Image-backed grounding data
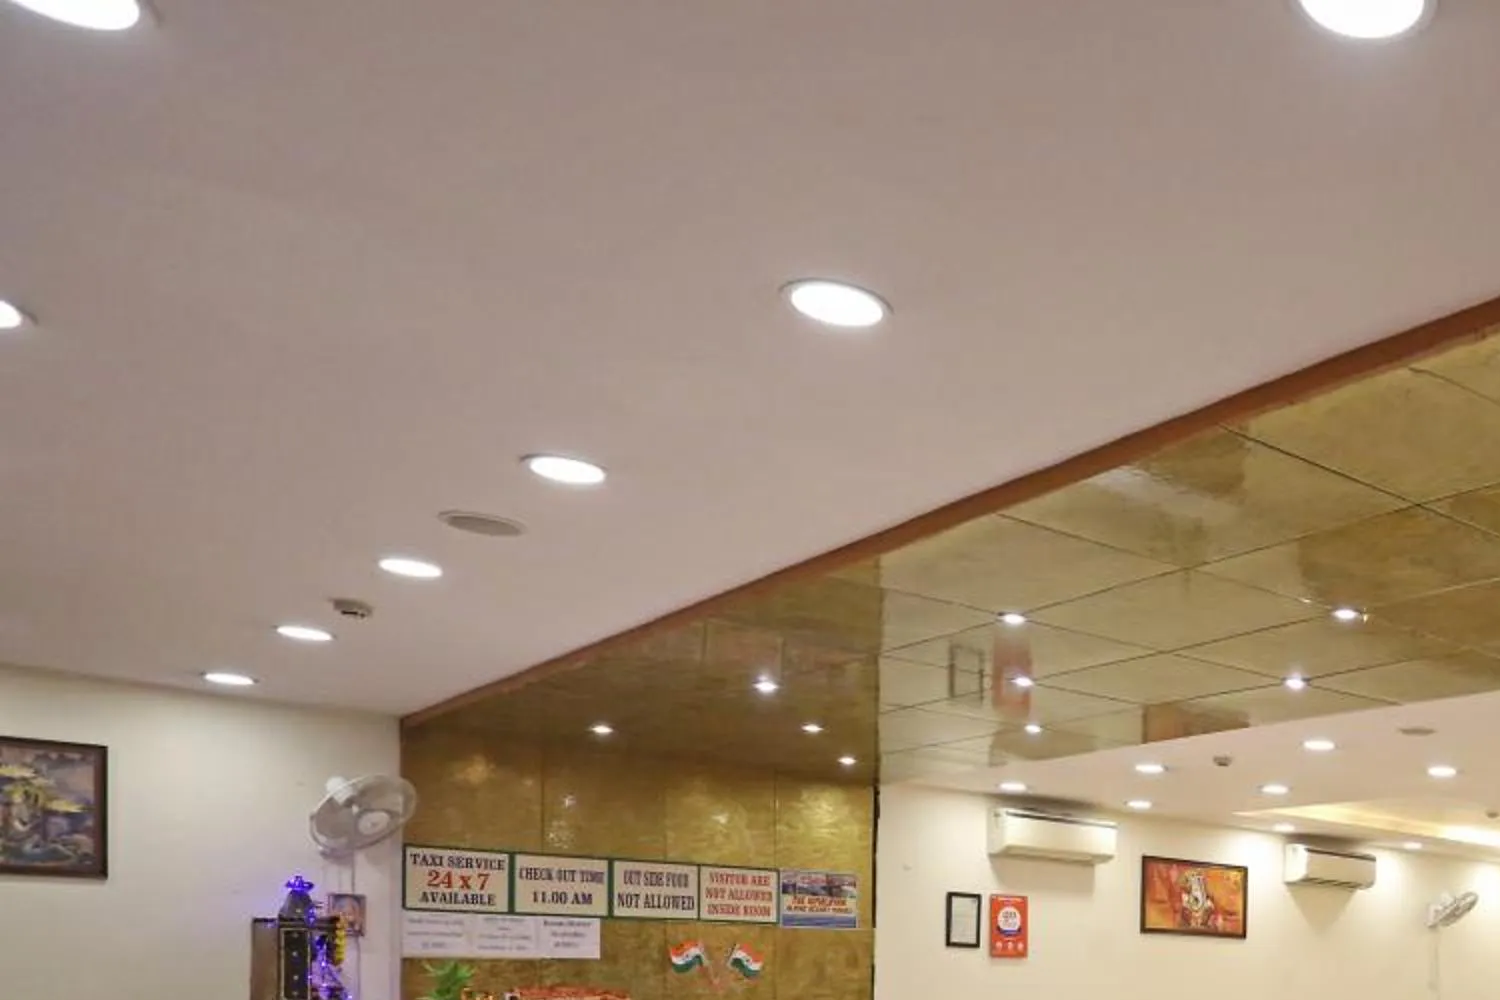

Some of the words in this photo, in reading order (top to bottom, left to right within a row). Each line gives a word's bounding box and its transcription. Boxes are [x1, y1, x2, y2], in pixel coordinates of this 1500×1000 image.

[410, 853, 444, 867] TAXI
[447, 856, 505, 870] SERVICE
[427, 869, 453, 889] 24
[477, 873, 490, 890] 7
[519, 867, 553, 881] CHECK
[557, 868, 576, 882] OUT
[419, 891, 496, 906] AVAILABLE
[571, 892, 593, 905] AM
[705, 887, 726, 899] NOT
[617, 893, 640, 909] NOT
[643, 893, 695, 911] ALLOWED
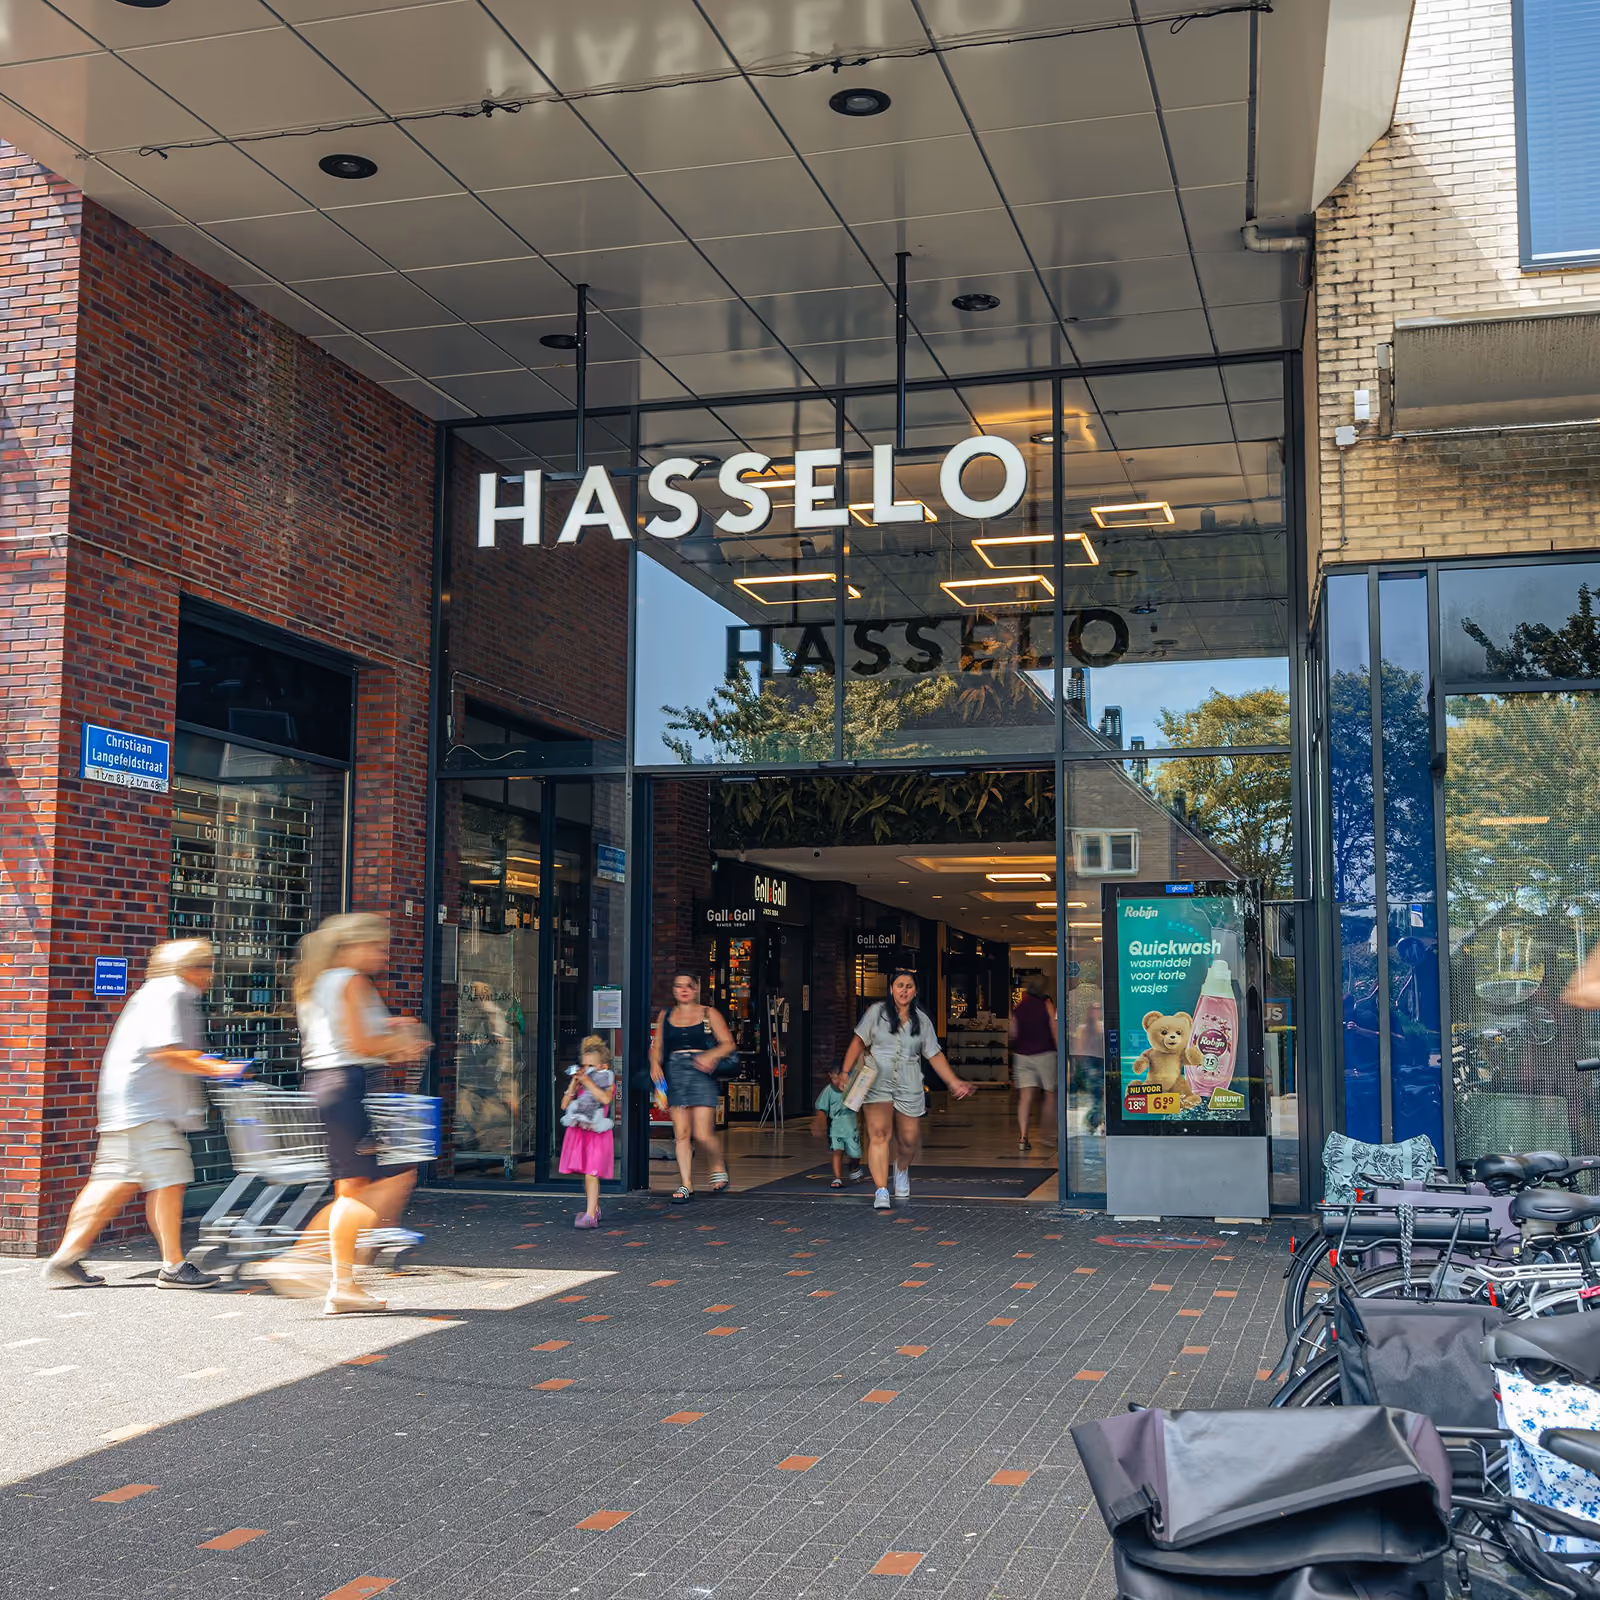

What is expected: Leaving out the pictures, return the records exactly as given.

Task result:
Some of the words in this photo, in reading order (top to bottom, left to right within a row). Each line gives a word's bounding box and its transcription. Boxes are [x1, y1, x2, y2], in pixel coordinates of this 1500×1000 image.

[410, 853, 444, 867] TAXI
[447, 856, 505, 870] SERVICE
[427, 869, 453, 889] 24
[477, 873, 490, 890] 7
[519, 867, 553, 881] CHECK
[557, 868, 576, 882] OUT
[419, 891, 496, 906] AVAILABLE
[571, 892, 593, 905] AM
[705, 887, 726, 899] NOT
[617, 893, 640, 909] NOT
[643, 893, 695, 911] ALLOWED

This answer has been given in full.